Such various controls are basically executed based on the following ideas.
For example, when the vehicle 10 is caused to travel by the torque generated by the internal combustion engine 11 such as when the vehicle 10 is started or when the vehicle is lightly loaded, the electric motor is supplied by the power supply from the storage battery 20 when the operation efficiency of the internal combustion engine 11 is low. 13 is driven, and the vehicle 10 is driven by the torque generated by the electric motor 13. On the other hand, in a situation where the internal combustion engine 11 can be operated with high efficiency, such as during steady running of the vehicle 10, the internal combustion engine 11 is operated and the vehicle 10 travels with the torque generated by the internal combustion engine 11. On the other hand, in a situation where a large torque is required for traveling of the vehicle, such as when the vehicle 10 is accelerating, the internal combustion engine 11 is operated and the electric motor 13 is driven by the power supply from the storage battery 20, so that 11 and the torque generated by the electric motor 13 causes the vehicle 10 to travel.

In FIG. 2, the electric circuit which consists of the said electric motor 13, the drive device 17, and the storage battery 20 is shown.
As shown in FIG. 2, the storage battery 20 is connected to the converter 18. A first capacitor 31 is provided between the positive electrode and the negative electrode of the storage battery 20. The first capacitor 31 suppresses fluctuations in the voltage input from the storage battery 20 to the converter 18.

  The converter 18 includes two switching elements (specifically, insulated gate bipolar transistors) 32 and 33 connected in series. One diode 34, 35 is connected in parallel to each switching element 32, 33. The voltage (for example, 200 volts) of the storage battery 20 is applied to one of the switching elements 32 and 33 (specifically, between the drain terminal and the source terminal of the switching element 33). The positive electrode of the storage battery 20 and the switching element 33 (specifically, a drain terminal) are connected via a reactor 36. A second capacitor 37 is connected between both ends of the switching elements 32 and 33 connected in series (specifically, between the drain terminal of the switching element 32 and the source terminal of the switching element 33).
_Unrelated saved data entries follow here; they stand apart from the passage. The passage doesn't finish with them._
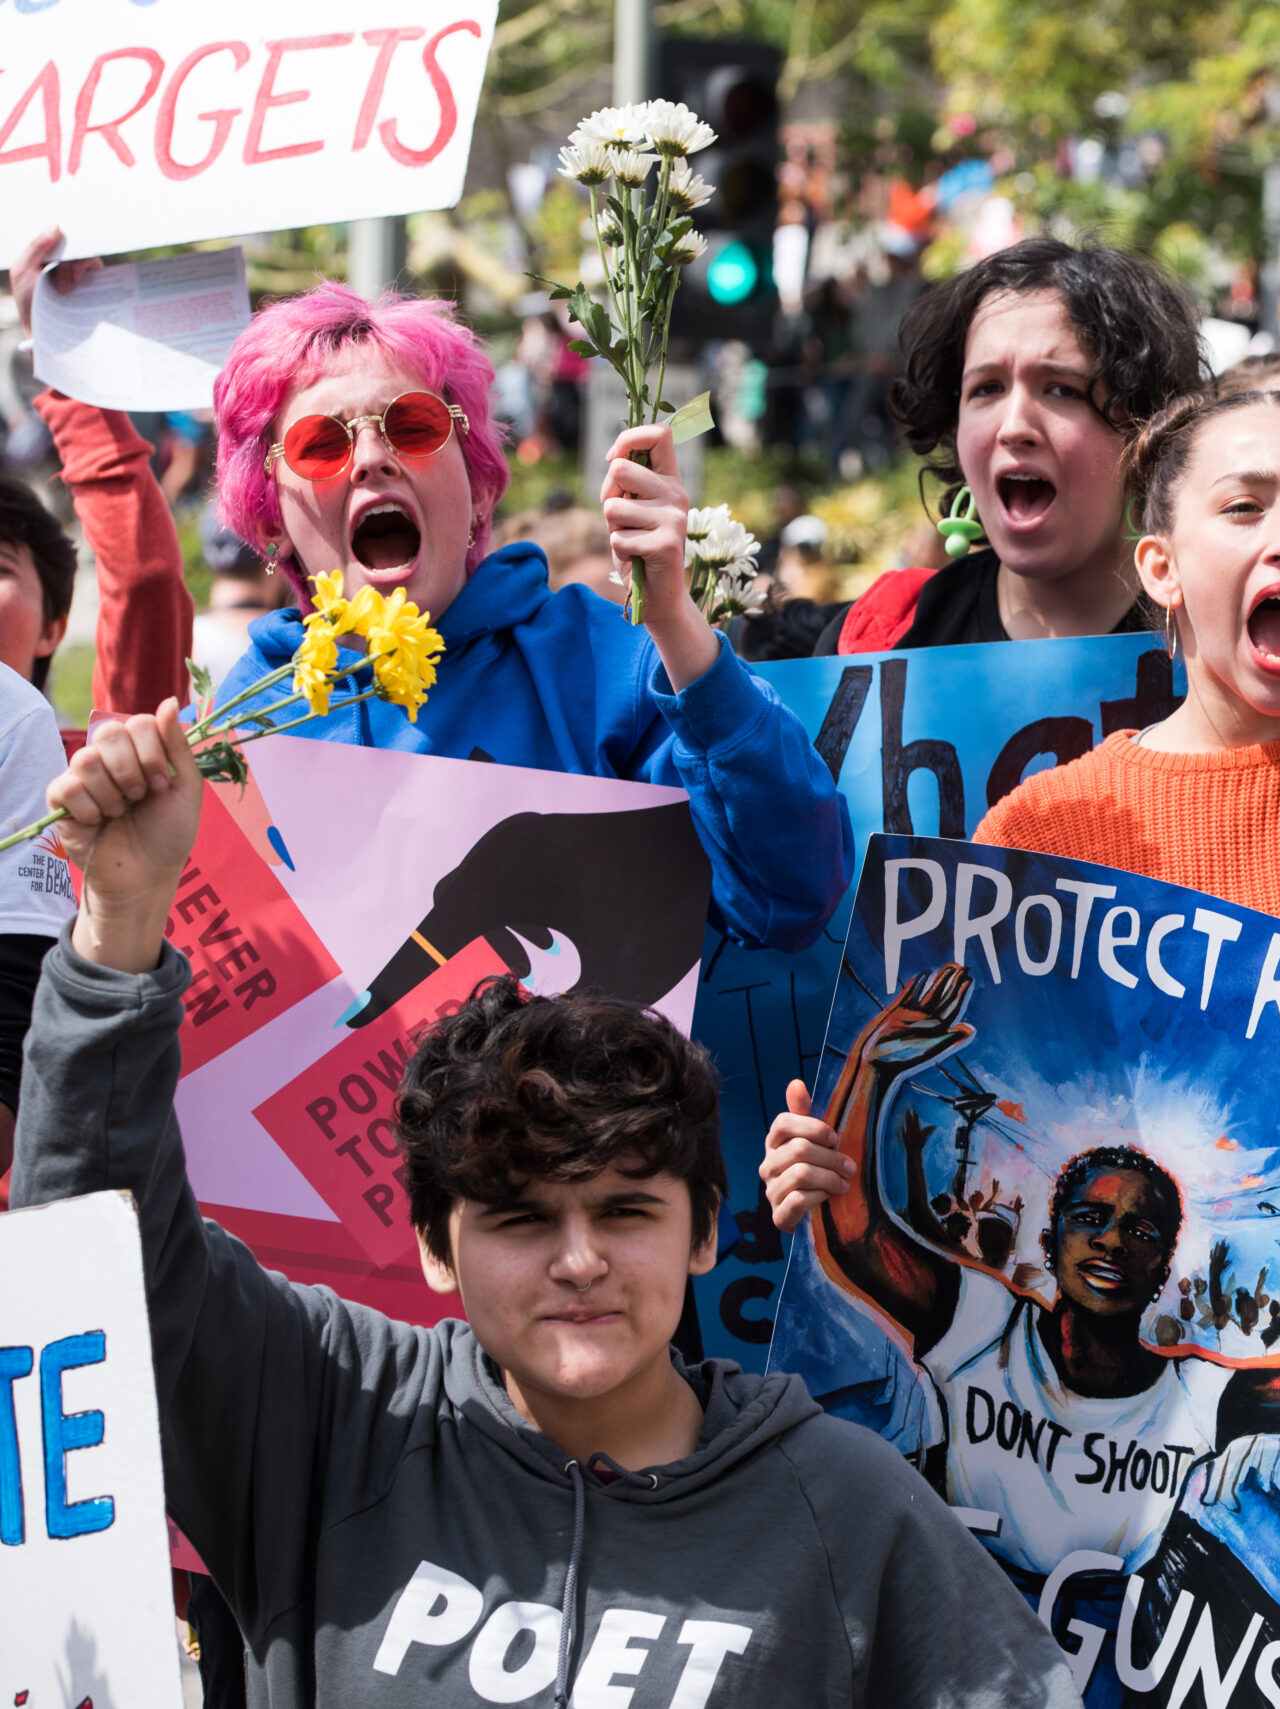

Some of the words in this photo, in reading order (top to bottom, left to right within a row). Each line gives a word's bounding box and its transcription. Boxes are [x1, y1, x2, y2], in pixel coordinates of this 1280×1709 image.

[0, 20, 481, 182] ARGETS
[18, 867, 45, 879] CENTER
[30, 881, 44, 892] FOR
[32, 855, 46, 866] THE
[965, 1386, 1072, 1472] DONT
[1075, 1433, 1195, 1499] SHOOT
[373, 1560, 753, 1709] POET
  In the operation control of the converter 18, the operation of the switching elements 32 and 33 is controlled. Thereby, using the characteristic of the reactor 36, a voltage (for example, 650 volts) higher than the voltage of the storage battery 20 is output between both ends of the switching elements 32 and 33 connected in series. Note that the fluctuation of the output voltage of the converter 18 is suppressed by the second capacitor 37. In the present embodiment, a circuit constituted by switching elements 32 and 33, diodes 34 and 35, reactor 36, and second capacitor 37 functions as a converter circuit.
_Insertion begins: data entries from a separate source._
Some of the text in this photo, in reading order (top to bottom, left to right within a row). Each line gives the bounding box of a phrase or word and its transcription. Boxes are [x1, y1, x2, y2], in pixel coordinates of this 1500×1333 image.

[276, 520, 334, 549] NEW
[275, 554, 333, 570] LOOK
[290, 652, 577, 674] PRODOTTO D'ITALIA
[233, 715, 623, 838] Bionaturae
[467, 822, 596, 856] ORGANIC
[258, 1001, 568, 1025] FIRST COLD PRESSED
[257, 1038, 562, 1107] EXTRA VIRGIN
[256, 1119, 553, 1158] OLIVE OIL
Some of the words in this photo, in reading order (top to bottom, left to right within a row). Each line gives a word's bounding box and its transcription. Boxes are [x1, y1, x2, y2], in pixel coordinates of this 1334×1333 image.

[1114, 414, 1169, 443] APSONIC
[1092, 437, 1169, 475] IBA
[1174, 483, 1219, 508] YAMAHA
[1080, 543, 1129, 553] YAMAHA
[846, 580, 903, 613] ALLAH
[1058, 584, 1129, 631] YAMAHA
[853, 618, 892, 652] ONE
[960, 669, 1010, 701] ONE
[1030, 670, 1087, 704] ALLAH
  The output voltage of the converter 18 is input to the inverter 19. The inverter 19 incorporates a three-phase bridge rectifier circuit constituted by six switching elements (specifically, insulated gate bipolar transistors) 38. The inverter 19 is connected to the electric motor 13. Each switching element 38 is connected in parallel with one diode 38a.

  In the operation control of the inverter 19, the operation of each switching element 38 is controlled. Thereby, the DC power input from the converter 18 is converted into AC power suitable for driving the motor 13 and supplied to the motor 13. Through the operation control of the inverter 19, the electric motor 13 is driven in a form suitable for the driving state of the vehicle 10.

  By the way, when the vehicle 10 is damaged due to a collision or the like, there is a risk of leakage from an electric circuit including the electric motor 13, the driving device 17, the storage battery 20, and the like. In a vehicle in which an internal combustion engine and an electric motor are mounted as a vehicle drive source, such as the vehicle 10 described above, a so-called hybrid vehicle, the voltage applied to the electric circuit tends to be high, so that leakage from the electric circuit is suppressed. The demand is likely to be high. Therefore, in the present embodiment, in order to suppress such leakage, a circuit breaker for cutting off the connection between the storage battery 20 and the drive device 17 (specifically, the drive circuit 30 for driving the electric motor 13) in the event of a collision of the vehicle 10. 25 is provided. And when the collision of the vehicle 10 is detected based on the output signal of the collision sensor 24, the circuit breaker 25 is operated, whereby the power supply from the storage battery 20 to the drive circuit 30 is stopped.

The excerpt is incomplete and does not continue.